Idle No More was started in December 2012 as a peaceful means to protest the omnibus bill C-45 that threatened the rights of First Nations people as set out by the Constitution. The exact beef was against the newly promised abilities to push through business deals by private industry or government without strict environmental assessment. Chief Theresa Spence kicked off the protests in Ottawa by camping on an island in the middle of the Ottawa River and undergoing a hunger strike from Dec 11, 2012 to Jan 23, 2013. Sovereignty Summer, an offshoot of Idle No More, has come into being on Aboriginal Day 2013 with a march of 150 protesters to Parliament Hill. They were there to protest for many of the same things that the Idle No More movement was hoping to fix. The movement gained popularity and many organized protests were held across the country and are currently active in the here and now of 2019.
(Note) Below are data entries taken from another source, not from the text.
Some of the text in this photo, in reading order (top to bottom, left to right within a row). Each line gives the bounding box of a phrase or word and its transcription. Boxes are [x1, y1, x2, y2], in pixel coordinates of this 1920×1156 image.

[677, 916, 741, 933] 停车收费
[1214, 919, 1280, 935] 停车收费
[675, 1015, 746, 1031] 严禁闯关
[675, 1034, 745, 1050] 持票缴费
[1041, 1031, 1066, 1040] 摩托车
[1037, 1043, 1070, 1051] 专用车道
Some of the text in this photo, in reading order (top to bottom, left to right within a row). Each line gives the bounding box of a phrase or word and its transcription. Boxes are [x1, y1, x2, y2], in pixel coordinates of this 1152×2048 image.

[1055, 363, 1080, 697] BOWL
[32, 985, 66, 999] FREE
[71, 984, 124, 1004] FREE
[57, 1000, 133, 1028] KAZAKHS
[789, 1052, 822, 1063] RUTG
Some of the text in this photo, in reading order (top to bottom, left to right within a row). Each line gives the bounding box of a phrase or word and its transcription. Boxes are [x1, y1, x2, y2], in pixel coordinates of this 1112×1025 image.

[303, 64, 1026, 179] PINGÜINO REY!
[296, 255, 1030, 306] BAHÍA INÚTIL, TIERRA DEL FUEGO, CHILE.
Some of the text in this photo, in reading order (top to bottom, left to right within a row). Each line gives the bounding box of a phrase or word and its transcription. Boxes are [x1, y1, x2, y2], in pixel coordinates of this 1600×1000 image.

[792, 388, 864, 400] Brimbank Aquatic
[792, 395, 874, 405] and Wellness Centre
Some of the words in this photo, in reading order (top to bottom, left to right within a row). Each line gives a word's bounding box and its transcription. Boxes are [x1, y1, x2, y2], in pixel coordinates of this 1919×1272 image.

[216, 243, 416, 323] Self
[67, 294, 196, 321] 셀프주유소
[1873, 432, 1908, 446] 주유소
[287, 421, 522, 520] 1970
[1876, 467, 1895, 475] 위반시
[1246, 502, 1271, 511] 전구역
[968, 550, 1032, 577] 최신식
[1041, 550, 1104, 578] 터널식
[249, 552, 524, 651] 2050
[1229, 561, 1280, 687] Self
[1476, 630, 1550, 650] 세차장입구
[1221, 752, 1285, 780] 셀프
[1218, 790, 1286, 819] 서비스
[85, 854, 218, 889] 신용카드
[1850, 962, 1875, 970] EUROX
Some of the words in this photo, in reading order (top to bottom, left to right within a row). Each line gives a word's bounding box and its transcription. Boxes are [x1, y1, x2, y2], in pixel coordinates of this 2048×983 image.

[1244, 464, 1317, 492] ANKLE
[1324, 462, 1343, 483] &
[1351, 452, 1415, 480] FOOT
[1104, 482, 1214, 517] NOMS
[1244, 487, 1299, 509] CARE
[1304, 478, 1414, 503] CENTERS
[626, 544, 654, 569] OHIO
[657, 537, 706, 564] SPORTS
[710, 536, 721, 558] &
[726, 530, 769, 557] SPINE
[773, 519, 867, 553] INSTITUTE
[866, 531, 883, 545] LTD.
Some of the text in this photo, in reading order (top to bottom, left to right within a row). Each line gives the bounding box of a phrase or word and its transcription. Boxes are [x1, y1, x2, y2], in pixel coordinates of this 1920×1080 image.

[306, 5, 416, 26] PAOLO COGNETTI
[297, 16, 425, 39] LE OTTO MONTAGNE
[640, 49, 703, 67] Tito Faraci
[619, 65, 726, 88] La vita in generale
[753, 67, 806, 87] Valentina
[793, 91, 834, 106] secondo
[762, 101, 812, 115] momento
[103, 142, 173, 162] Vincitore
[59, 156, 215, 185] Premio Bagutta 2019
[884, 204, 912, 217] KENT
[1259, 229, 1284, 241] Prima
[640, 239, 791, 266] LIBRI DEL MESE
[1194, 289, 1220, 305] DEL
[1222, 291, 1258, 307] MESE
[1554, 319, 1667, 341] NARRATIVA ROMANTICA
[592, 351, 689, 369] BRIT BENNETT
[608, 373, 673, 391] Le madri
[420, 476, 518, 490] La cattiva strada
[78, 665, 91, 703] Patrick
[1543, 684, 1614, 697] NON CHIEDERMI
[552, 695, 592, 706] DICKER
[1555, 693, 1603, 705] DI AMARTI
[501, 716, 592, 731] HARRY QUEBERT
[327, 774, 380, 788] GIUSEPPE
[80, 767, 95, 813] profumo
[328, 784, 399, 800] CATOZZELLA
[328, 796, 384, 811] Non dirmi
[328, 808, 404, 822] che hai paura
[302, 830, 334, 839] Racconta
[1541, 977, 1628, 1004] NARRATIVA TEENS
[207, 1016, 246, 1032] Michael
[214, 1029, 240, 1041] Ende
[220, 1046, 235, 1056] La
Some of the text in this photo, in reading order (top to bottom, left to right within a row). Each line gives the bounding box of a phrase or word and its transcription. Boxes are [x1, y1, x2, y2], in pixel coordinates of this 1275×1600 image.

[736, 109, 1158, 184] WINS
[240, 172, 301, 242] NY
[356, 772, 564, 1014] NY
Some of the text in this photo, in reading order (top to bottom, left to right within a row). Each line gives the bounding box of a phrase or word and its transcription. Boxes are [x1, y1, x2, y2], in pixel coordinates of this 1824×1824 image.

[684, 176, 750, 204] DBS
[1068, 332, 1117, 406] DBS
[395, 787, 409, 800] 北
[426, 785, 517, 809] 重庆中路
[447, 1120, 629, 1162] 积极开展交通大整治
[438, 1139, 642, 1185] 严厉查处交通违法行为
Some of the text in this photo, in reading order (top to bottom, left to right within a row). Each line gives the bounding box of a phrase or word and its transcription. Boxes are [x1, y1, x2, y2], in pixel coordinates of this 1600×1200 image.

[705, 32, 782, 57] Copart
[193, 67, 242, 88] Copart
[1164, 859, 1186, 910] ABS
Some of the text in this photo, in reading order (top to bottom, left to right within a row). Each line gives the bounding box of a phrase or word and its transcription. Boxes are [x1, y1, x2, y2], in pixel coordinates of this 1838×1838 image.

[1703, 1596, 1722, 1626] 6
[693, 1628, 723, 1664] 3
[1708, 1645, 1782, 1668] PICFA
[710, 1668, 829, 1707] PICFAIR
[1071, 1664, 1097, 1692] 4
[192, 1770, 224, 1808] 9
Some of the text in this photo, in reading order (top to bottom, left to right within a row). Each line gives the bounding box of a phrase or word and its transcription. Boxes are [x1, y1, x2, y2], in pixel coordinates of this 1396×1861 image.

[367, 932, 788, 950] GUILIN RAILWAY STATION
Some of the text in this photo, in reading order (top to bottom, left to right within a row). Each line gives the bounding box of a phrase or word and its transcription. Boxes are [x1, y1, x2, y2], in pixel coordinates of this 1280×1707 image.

The protests had gotten peaceful in nature since Oka, and our message was getting across to a few fellow Canadians, but who remembers Idle No More beyond the First Nations people that the protests were designed to help? In December 2018, during a cold snap, downtown Winnipeg erupted into violence and there were several incidents in the Skywalks centered around the Millennium Library where people where assaulted with fists and weapons. One was badly injured and taken to hospital while several others were verbally harassed. Days later several gang members turned themselves in and 87 weapons were found stashed in the general area where the assaults took place… Then I awoke and I remembered the forest… The time as a Great Bear… The time of deliberation… It had come to pass.

There had been a war led by the Aboriginals on Canadian soil… The Inajis had taken their toll. The loop had happened within a weeks time… Opened and closed… Many were dead, injured, held captive… Many in society had thought it a dream, but the dream had come to pass. The Inajis started slow… It all started in the Skywalks of Downtown… They struck fear into the hearts of the whiteman’s people… The ones with the white souls… The mighty warriors of the church… The church that had screwed them up since the beginning. I remember awakening on the edge of the forest so long ago from a dream. I had been a Grizzly… Others had joined me in the woods… My parents… And the one called Susan… I remember the council and them deciding it was worth a shot… Create a dream that had really happened.